> _Task requirements_
All of the data is to be printed exactly, though the images must be left off.

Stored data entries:
---*---

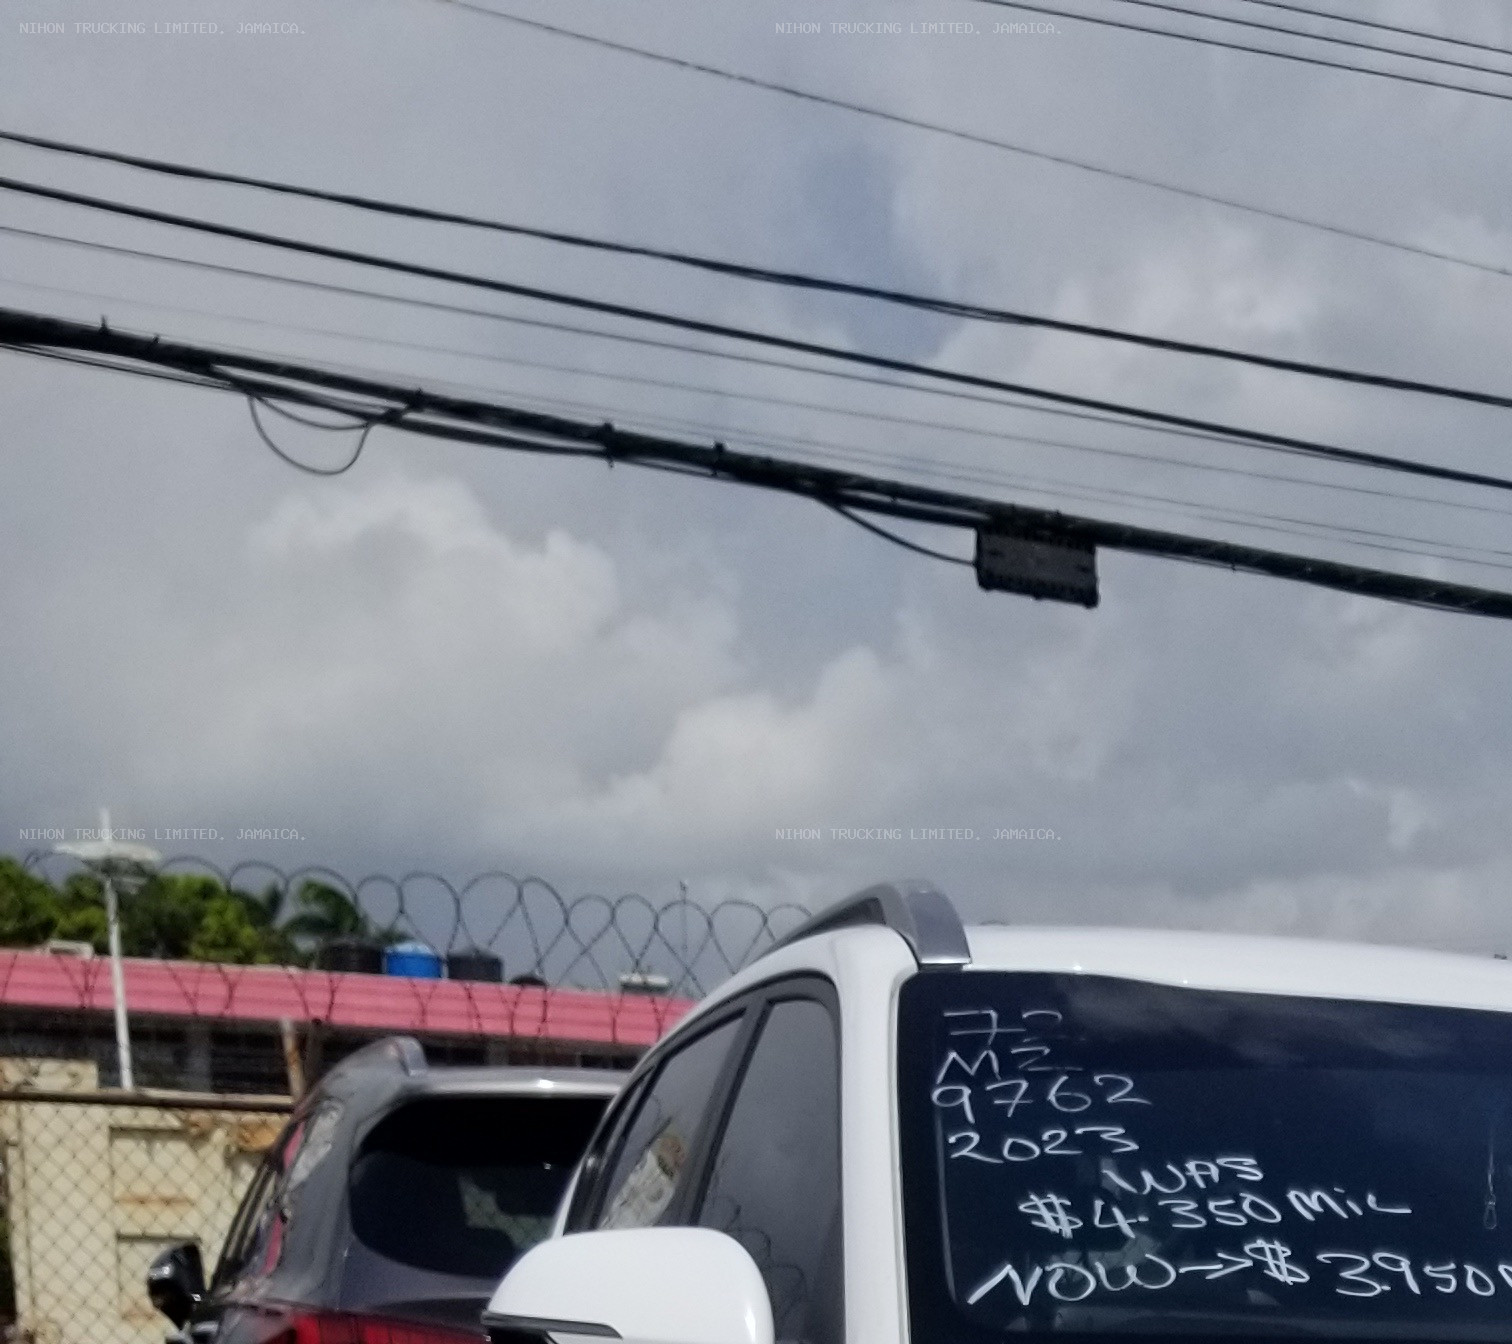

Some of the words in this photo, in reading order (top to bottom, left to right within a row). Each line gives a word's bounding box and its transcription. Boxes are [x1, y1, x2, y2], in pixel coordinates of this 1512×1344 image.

[931, 1073, 1152, 1124] 9762
[948, 1126, 1140, 1164] 2023
[1102, 1157, 1264, 1194] WAS
[969, 1253, 1176, 1305] NOW

---*---

> _Answer to the problem_
Some of the words in this photo, in reading order (top to bottom, left to right within a row). Each line gives a word's bounding box and its transcription. Boxes are [x1, y1, x2, y2], in pixel coordinates of this 1512×1344 image.

[931, 1073, 1152, 1124] 9762
[948, 1126, 1140, 1164] 2023
[1102, 1157, 1264, 1194] WAS
[969, 1253, 1176, 1305] NOW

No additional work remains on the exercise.